Aragorn and Legolas jumped out from underneath the kitchen table and wrestled Boromir to the ground, giving the coded whistle for the Hobbits in the cupboards to help with the actual cutting.

“Argh! No! Getoff! What are you trying to do to me!”

“We’re taking your clothes off-”

“I always had my suspicions about you, you know!”

“So you can have a bath.”

The shock caused Boromir to stop struggling for a few seconds.

“A bbbbb- b -”

“A bath, yes.”

The struggles recommenced with added screams, howls and clawing. Boromir may have grown up in a society with a noble warrior code, but when he was caught in a corner he could use even more dishonourable fighting techniques than Pippin on a Saturday night.

Legolas held the scissors poised over Boromir’s groin. “Boromir, I can cut off your trousers while you’re wriggling about, or, I can cut them off when you’re lying still. The choice is yours.”

There was a moment’s thought. Legolas was sure he could hear the rusty mechanisms of Boromir’s brain slowly beginning to work.

Boromir gave in. Maybe surrender was a valid alternative after all.


“No, noooooo! Not the bath, not the bath!”

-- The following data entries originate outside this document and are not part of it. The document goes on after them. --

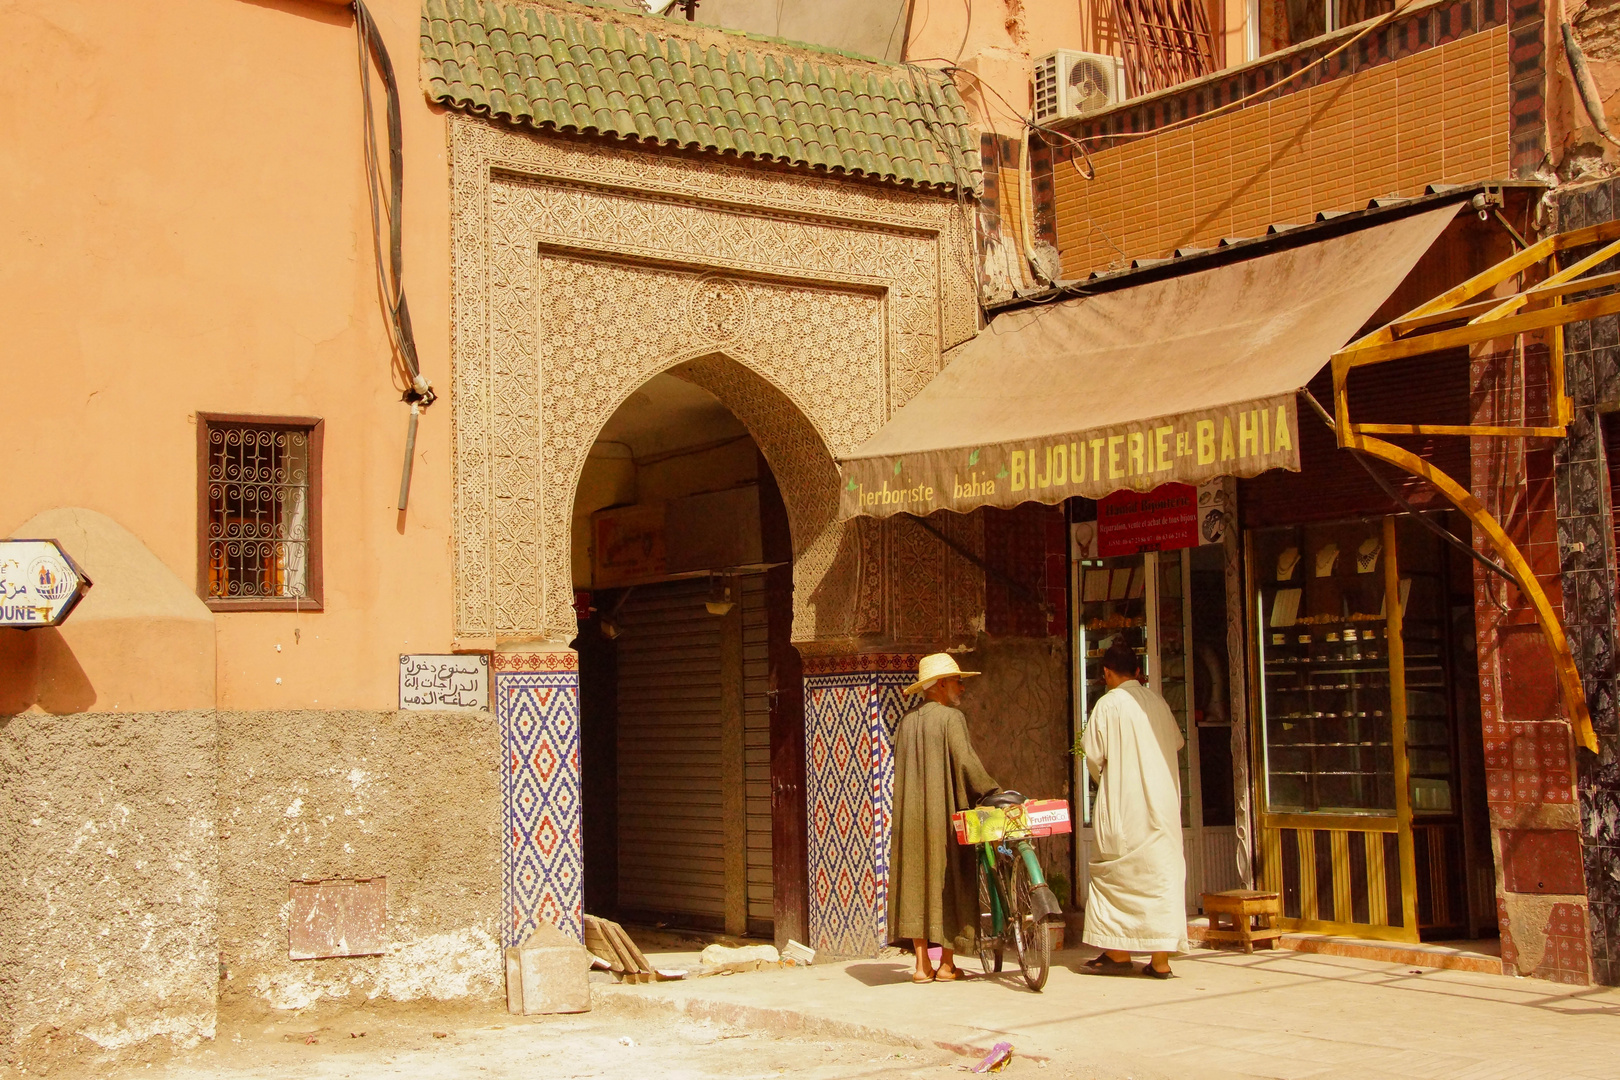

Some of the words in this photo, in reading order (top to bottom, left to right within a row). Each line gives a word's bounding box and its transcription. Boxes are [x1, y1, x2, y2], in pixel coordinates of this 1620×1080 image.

[1011, 425, 1174, 491] BIJOUTERIE
[1176, 432, 1193, 457] EL
[1196, 405, 1293, 466] BAHIA
[858, 478, 934, 507] herboriste
[953, 471, 996, 499] bahia
[1106, 502, 1137, 516] Hamid
[1141, 496, 1190, 513] Bijouterie
[1147, 518, 1160, 527] achat
[1162, 517, 1168, 525] de
[1180, 514, 1196, 524] bijoux
[406, 660, 437, 676] دخول
[438, 664, 479, 680] ممنوع
[420, 673, 479, 697] الدراجات
[438, 691, 478, 708] صاغة

The Fellowship had had to carry an almost naked Boromir up the stairs to the bathroom as he refused to cooperate any further with Operation Aberystwyth. He had tried digging his nails into the carpet, but Merry and Pippin had just followed behind him, gleefully jumping up and down on his fingers until he let go.

Boromir tried grabbing hold of the handle of the open bathroom door, but since this had been fitted by Aragorn, it simply parted company with the door.

“How are we going to get him in the bath?”

“I hadn’t thought too much about that, why don’t we just pick him up and throw him in.”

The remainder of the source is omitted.